▸ **ABOUT THIS EXERCISE**: Would you please copy out each entry exactly?

▸ **MATERIAL SHOWN**:
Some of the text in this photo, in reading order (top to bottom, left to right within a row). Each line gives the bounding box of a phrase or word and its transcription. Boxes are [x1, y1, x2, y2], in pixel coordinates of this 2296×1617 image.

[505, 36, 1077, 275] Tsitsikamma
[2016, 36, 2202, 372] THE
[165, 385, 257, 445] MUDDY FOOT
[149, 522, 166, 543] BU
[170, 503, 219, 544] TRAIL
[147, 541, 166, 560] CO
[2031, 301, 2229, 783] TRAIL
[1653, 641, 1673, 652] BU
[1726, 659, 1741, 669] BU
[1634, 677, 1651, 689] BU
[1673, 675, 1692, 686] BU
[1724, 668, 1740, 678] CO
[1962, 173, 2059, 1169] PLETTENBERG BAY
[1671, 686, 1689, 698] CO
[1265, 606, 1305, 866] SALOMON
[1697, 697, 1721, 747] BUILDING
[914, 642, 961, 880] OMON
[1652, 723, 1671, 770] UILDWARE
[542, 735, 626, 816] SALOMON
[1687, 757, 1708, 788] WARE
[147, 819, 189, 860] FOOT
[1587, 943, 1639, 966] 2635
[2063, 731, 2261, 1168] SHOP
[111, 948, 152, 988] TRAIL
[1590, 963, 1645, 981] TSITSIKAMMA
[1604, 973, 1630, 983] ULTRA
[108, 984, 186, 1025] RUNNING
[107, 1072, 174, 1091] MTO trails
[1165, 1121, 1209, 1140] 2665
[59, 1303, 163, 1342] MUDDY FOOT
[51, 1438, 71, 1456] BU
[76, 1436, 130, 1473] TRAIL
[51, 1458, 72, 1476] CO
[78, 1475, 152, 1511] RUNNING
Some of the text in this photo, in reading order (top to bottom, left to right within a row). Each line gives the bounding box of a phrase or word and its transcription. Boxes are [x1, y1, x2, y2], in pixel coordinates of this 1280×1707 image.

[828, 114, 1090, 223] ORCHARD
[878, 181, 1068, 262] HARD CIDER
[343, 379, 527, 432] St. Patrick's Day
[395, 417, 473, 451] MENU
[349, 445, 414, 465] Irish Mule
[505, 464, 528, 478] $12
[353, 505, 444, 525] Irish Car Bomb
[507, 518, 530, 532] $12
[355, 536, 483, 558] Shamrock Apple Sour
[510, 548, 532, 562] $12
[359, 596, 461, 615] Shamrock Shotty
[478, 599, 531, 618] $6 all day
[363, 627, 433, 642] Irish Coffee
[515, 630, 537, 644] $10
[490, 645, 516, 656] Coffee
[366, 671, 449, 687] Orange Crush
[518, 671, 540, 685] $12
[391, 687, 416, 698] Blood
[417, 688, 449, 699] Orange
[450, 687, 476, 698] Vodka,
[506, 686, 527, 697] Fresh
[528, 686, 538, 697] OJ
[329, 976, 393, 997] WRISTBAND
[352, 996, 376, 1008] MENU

▸ **RESULT**:
Some of the text in this photo, in reading order (top to bottom, left to right within a row). Each line gives the bounding box of a phrase or word and its transcription. Boxes are [x1, y1, x2, y2], in pixel coordinates of this 2296×1617 image.

[505, 36, 1077, 275] Tsitsikamma
[2016, 36, 2202, 372] THE
[165, 385, 257, 445] MUDDY FOOT
[149, 522, 166, 543] BU
[170, 503, 219, 544] TRAIL
[147, 541, 166, 560] CO
[2031, 301, 2229, 783] TRAIL
[1653, 641, 1673, 652] BU
[1726, 659, 1741, 669] BU
[1634, 677, 1651, 689] BU
[1673, 675, 1692, 686] BU
[1724, 668, 1740, 678] CO
[1962, 173, 2059, 1169] PLETTENBERG BAY
[1671, 686, 1689, 698] CO
[1265, 606, 1305, 866] SALOMON
[1697, 697, 1721, 747] BUILDING
[914, 642, 961, 880] OMON
[1652, 723, 1671, 770] UILDWARE
[542, 735, 626, 816] SALOMON
[1687, 757, 1708, 788] WARE
[147, 819, 189, 860] FOOT
[1587, 943, 1639, 966] 2635
[2063, 731, 2261, 1168] SHOP
[111, 948, 152, 988] TRAIL
[1590, 963, 1645, 981] TSITSIKAMMA
[1604, 973, 1630, 983] ULTRA
[108, 984, 186, 1025] RUNNING
[107, 1072, 174, 1091] MTO trails
[1165, 1121, 1209, 1140] 2665
[59, 1303, 163, 1342] MUDDY FOOT
[51, 1438, 71, 1456] BU
[76, 1436, 130, 1473] TRAIL
[51, 1458, 72, 1476] CO
[78, 1475, 152, 1511] RUNNING
Some of the text in this photo, in reading order (top to bottom, left to right within a row). Each line gives the bounding box of a phrase or word and its transcription. Boxes are [x1, y1, x2, y2], in pixel coordinates of this 1280×1707 image.

[828, 114, 1090, 223] ORCHARD
[878, 181, 1068, 262] HARD CIDER
[343, 379, 527, 432] St. Patrick's Day
[395, 417, 473, 451] MENU
[349, 445, 414, 465] Irish Mule
[505, 464, 528, 478] $12
[353, 505, 444, 525] Irish Car Bomb
[507, 518, 530, 532] $12
[355, 536, 483, 558] Shamrock Apple Sour
[510, 548, 532, 562] $12
[359, 596, 461, 615] Shamrock Shotty
[478, 599, 531, 618] $6 all day
[363, 627, 433, 642] Irish Coffee
[515, 630, 537, 644] $10
[490, 645, 516, 656] Coffee
[366, 671, 449, 687] Orange Crush
[518, 671, 540, 685] $12
[391, 687, 416, 698] Blood
[417, 688, 449, 699] Orange
[450, 687, 476, 698] Vodka,
[506, 686, 527, 697] Fresh
[528, 686, 538, 697] OJ
[329, 976, 393, 997] WRISTBAND
[352, 996, 376, 1008] MENU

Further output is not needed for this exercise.